┏━━

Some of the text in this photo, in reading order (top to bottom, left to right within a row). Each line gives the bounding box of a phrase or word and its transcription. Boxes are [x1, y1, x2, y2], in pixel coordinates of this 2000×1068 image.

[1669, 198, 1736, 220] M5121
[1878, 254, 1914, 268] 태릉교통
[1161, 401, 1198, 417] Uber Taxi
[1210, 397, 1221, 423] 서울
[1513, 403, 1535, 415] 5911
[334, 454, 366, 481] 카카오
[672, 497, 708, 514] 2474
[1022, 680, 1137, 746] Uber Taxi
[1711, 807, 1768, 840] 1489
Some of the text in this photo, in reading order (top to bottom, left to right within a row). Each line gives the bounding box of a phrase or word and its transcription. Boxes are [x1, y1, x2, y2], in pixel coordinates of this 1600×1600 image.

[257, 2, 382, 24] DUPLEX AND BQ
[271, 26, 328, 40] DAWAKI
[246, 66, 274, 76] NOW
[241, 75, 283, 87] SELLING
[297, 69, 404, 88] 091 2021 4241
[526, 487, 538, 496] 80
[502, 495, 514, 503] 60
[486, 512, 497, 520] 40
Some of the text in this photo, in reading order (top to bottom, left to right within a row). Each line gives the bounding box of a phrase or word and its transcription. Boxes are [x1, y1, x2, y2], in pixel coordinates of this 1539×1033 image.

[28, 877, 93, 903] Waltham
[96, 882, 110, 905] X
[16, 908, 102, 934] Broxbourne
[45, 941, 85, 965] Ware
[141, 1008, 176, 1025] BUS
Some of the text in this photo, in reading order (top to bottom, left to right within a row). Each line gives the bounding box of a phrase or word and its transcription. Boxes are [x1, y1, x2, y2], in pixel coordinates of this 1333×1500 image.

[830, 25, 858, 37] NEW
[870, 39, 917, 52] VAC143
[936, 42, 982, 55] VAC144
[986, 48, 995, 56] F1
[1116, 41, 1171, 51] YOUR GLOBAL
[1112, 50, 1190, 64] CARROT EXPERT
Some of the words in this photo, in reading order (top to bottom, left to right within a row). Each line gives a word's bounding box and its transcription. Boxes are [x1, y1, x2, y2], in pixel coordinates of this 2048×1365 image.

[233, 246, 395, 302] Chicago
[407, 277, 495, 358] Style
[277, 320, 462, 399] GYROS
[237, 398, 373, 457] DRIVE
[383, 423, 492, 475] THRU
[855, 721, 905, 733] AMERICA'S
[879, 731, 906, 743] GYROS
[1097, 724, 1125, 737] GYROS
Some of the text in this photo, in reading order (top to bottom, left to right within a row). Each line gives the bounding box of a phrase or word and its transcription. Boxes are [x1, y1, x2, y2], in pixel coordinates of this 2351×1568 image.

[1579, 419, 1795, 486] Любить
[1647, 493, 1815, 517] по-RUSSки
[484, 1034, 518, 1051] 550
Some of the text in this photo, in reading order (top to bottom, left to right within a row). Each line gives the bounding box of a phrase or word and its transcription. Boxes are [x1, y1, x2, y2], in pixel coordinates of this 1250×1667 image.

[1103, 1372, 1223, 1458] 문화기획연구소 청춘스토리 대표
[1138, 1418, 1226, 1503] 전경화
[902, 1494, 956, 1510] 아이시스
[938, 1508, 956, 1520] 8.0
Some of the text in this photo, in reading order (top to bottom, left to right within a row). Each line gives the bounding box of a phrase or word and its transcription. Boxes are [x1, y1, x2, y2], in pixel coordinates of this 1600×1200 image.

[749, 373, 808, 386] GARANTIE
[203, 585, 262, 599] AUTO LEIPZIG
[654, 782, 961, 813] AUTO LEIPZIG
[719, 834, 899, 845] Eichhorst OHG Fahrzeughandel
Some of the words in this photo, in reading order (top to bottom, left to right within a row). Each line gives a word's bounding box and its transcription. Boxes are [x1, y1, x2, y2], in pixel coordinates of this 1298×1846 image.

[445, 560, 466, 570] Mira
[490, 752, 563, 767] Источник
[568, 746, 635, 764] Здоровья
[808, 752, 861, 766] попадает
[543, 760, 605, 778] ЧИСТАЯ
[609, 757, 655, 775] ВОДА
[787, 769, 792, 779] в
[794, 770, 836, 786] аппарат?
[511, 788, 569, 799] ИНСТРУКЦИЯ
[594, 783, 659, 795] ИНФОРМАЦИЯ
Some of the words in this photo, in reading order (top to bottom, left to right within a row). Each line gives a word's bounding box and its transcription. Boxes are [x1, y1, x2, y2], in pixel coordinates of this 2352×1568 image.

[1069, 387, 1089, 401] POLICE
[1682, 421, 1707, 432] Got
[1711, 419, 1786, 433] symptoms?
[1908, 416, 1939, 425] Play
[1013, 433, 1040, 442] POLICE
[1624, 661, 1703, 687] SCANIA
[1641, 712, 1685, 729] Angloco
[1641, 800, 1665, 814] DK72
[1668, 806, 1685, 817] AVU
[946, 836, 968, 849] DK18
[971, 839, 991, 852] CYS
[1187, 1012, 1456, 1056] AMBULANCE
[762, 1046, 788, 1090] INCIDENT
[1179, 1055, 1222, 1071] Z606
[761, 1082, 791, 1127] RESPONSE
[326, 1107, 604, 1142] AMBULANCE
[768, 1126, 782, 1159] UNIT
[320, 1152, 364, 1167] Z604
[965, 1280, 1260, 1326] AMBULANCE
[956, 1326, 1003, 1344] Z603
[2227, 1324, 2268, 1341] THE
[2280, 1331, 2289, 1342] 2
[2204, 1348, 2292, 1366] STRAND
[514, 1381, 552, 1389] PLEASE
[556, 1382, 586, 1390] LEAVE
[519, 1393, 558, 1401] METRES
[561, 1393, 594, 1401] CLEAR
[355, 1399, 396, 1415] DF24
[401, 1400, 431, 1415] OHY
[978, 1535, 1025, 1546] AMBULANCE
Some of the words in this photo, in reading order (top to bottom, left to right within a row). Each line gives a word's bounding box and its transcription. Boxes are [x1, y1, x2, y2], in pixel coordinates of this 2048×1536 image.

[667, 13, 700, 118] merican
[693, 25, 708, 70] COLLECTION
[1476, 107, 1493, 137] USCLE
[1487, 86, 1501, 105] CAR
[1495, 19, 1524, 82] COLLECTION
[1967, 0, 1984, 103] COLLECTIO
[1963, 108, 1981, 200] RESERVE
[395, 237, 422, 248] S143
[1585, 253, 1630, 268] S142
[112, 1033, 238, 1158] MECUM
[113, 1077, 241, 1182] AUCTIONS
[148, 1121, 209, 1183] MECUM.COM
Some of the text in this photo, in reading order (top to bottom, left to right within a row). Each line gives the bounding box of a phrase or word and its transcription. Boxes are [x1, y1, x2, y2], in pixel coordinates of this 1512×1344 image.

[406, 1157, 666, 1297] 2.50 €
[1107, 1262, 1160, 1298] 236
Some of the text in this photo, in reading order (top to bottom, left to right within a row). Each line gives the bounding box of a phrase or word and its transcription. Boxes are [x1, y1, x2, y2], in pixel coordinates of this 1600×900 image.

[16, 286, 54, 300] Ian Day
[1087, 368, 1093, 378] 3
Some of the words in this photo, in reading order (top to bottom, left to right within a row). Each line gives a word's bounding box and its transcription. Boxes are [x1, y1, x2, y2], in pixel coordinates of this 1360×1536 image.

┗━━

EXERCISE => Copy the data once more. Leave nothing out.

EXPECTED ANSWER =>
Some of the text in this photo, in reading order (top to bottom, left to right within a row). Each line gives the bounding box of a phrase or word and its transcription. Boxes are [x1, y1, x2, y2], in pixel coordinates of this 2000×1068 image.

[1669, 198, 1736, 220] M5121
[1878, 254, 1914, 268] 태릉교통
[1161, 401, 1198, 417] Uber Taxi
[1210, 397, 1221, 423] 서울
[1513, 403, 1535, 415] 5911
[334, 454, 366, 481] 카카오
[672, 497, 708, 514] 2474
[1022, 680, 1137, 746] Uber Taxi
[1711, 807, 1768, 840] 1489
Some of the text in this photo, in reading order (top to bottom, left to right within a row). Each line gives the bounding box of a phrase or word and its transcription. Boxes are [x1, y1, x2, y2], in pixel coordinates of this 1600×1600 image.

[257, 2, 382, 24] DUPLEX AND BQ
[271, 26, 328, 40] DAWAKI
[246, 66, 274, 76] NOW
[241, 75, 283, 87] SELLING
[297, 69, 404, 88] 091 2021 4241
[526, 487, 538, 496] 80
[502, 495, 514, 503] 60
[486, 512, 497, 520] 40
Some of the text in this photo, in reading order (top to bottom, left to right within a row). Each line gives the bounding box of a phrase or word and its transcription. Boxes are [x1, y1, x2, y2], in pixel coordinates of this 1539×1033 image.

[28, 877, 93, 903] Waltham
[96, 882, 110, 905] X
[16, 908, 102, 934] Broxbourne
[45, 941, 85, 965] Ware
[141, 1008, 176, 1025] BUS
Some of the text in this photo, in reading order (top to bottom, left to right within a row). Each line gives the bounding box of a phrase or word and its transcription. Boxes are [x1, y1, x2, y2], in pixel coordinates of this 1333×1500 image.

[830, 25, 858, 37] NEW
[870, 39, 917, 52] VAC143
[936, 42, 982, 55] VAC144
[986, 48, 995, 56] F1
[1116, 41, 1171, 51] YOUR GLOBAL
[1112, 50, 1190, 64] CARROT EXPERT
Some of the words in this photo, in reading order (top to bottom, left to right within a row). Each line gives a word's bounding box and its transcription. Boxes are [x1, y1, x2, y2], in pixel coordinates of this 2048×1365 image.

[233, 246, 395, 302] Chicago
[407, 277, 495, 358] Style
[277, 320, 462, 399] GYROS
[237, 398, 373, 457] DRIVE
[383, 423, 492, 475] THRU
[855, 721, 905, 733] AMERICA'S
[879, 731, 906, 743] GYROS
[1097, 724, 1125, 737] GYROS
Some of the text in this photo, in reading order (top to bottom, left to right within a row). Each line gives the bounding box of a phrase or word and its transcription. Boxes are [x1, y1, x2, y2], in pixel coordinates of this 2351×1568 image.

[1579, 419, 1795, 486] Любить
[1647, 493, 1815, 517] по-RUSSки
[484, 1034, 518, 1051] 550
Some of the text in this photo, in reading order (top to bottom, left to right within a row). Each line gives the bounding box of a phrase or word and its transcription. Boxes are [x1, y1, x2, y2], in pixel coordinates of this 1250×1667 image.

[1103, 1372, 1223, 1458] 문화기획연구소 청춘스토리 대표
[1138, 1418, 1226, 1503] 전경화
[902, 1494, 956, 1510] 아이시스
[938, 1508, 956, 1520] 8.0
Some of the text in this photo, in reading order (top to bottom, left to right within a row). Each line gives the bounding box of a phrase or word and its transcription. Boxes are [x1, y1, x2, y2], in pixel coordinates of this 1600×1200 image.

[749, 373, 808, 386] GARANTIE
[203, 585, 262, 599] AUTO LEIPZIG
[654, 782, 961, 813] AUTO LEIPZIG
[719, 834, 899, 845] Eichhorst OHG Fahrzeughandel
Some of the words in this photo, in reading order (top to bottom, left to right within a row). Each line gives a word's bounding box and its transcription. Boxes are [x1, y1, x2, y2], in pixel coordinates of this 1298×1846 image.

[445, 560, 466, 570] Mira
[490, 752, 563, 767] Источник
[568, 746, 635, 764] Здоровья
[808, 752, 861, 766] попадает
[543, 760, 605, 778] ЧИСТАЯ
[609, 757, 655, 775] ВОДА
[787, 769, 792, 779] в
[794, 770, 836, 786] аппарат?
[511, 788, 569, 799] ИНСТРУКЦИЯ
[594, 783, 659, 795] ИНФОРМАЦИЯ
Some of the words in this photo, in reading order (top to bottom, left to right within a row). Each line gives a word's bounding box and its transcription. Boxes are [x1, y1, x2, y2], in pixel coordinates of this 2352×1568 image.

[1069, 387, 1089, 401] POLICE
[1682, 421, 1707, 432] Got
[1711, 419, 1786, 433] symptoms?
[1908, 416, 1939, 425] Play
[1013, 433, 1040, 442] POLICE
[1624, 661, 1703, 687] SCANIA
[1641, 712, 1685, 729] Angloco
[1641, 800, 1665, 814] DK72
[1668, 806, 1685, 817] AVU
[946, 836, 968, 849] DK18
[971, 839, 991, 852] CYS
[1187, 1012, 1456, 1056] AMBULANCE
[762, 1046, 788, 1090] INCIDENT
[1179, 1055, 1222, 1071] Z606
[761, 1082, 791, 1127] RESPONSE
[326, 1107, 604, 1142] AMBULANCE
[768, 1126, 782, 1159] UNIT
[320, 1152, 364, 1167] Z604
[965, 1280, 1260, 1326] AMBULANCE
[956, 1326, 1003, 1344] Z603
[2227, 1324, 2268, 1341] THE
[2280, 1331, 2289, 1342] 2
[2204, 1348, 2292, 1366] STRAND
[514, 1381, 552, 1389] PLEASE
[556, 1382, 586, 1390] LEAVE
[519, 1393, 558, 1401] METRES
[561, 1393, 594, 1401] CLEAR
[355, 1399, 396, 1415] DF24
[401, 1400, 431, 1415] OHY
[978, 1535, 1025, 1546] AMBULANCE
Some of the words in this photo, in reading order (top to bottom, left to right within a row). Each line gives a word's bounding box and its transcription. Boxes are [x1, y1, x2, y2], in pixel coordinates of this 2048×1536 image.

[667, 13, 700, 118] merican
[693, 25, 708, 70] COLLECTION
[1476, 107, 1493, 137] USCLE
[1487, 86, 1501, 105] CAR
[1495, 19, 1524, 82] COLLECTION
[1967, 0, 1984, 103] COLLECTIO
[1963, 108, 1981, 200] RESERVE
[395, 237, 422, 248] S143
[1585, 253, 1630, 268] S142
[112, 1033, 238, 1158] MECUM
[113, 1077, 241, 1182] AUCTIONS
[148, 1121, 209, 1183] MECUM.COM
Some of the text in this photo, in reading order (top to bottom, left to right within a row). Each line gives the bounding box of a phrase or word and its transcription. Boxes are [x1, y1, x2, y2], in pixel coordinates of this 1512×1344 image.

[406, 1157, 666, 1297] 2.50 €
[1107, 1262, 1160, 1298] 236
Some of the text in this photo, in reading order (top to bottom, left to right within a row). Each line gives the bounding box of a phrase or word and its transcription. Boxes are [x1, y1, x2, y2], in pixel coordinates of this 1600×900 image.

[16, 286, 54, 300] Ian Day
[1087, 368, 1093, 378] 3
Some of the words in this photo, in reading order (top to bottom, left to right within a row). Each line gives a word's bounding box and its transcription. Boxes are [x1, y1, x2, y2], in pixel coordinates of this 1360×1536 image.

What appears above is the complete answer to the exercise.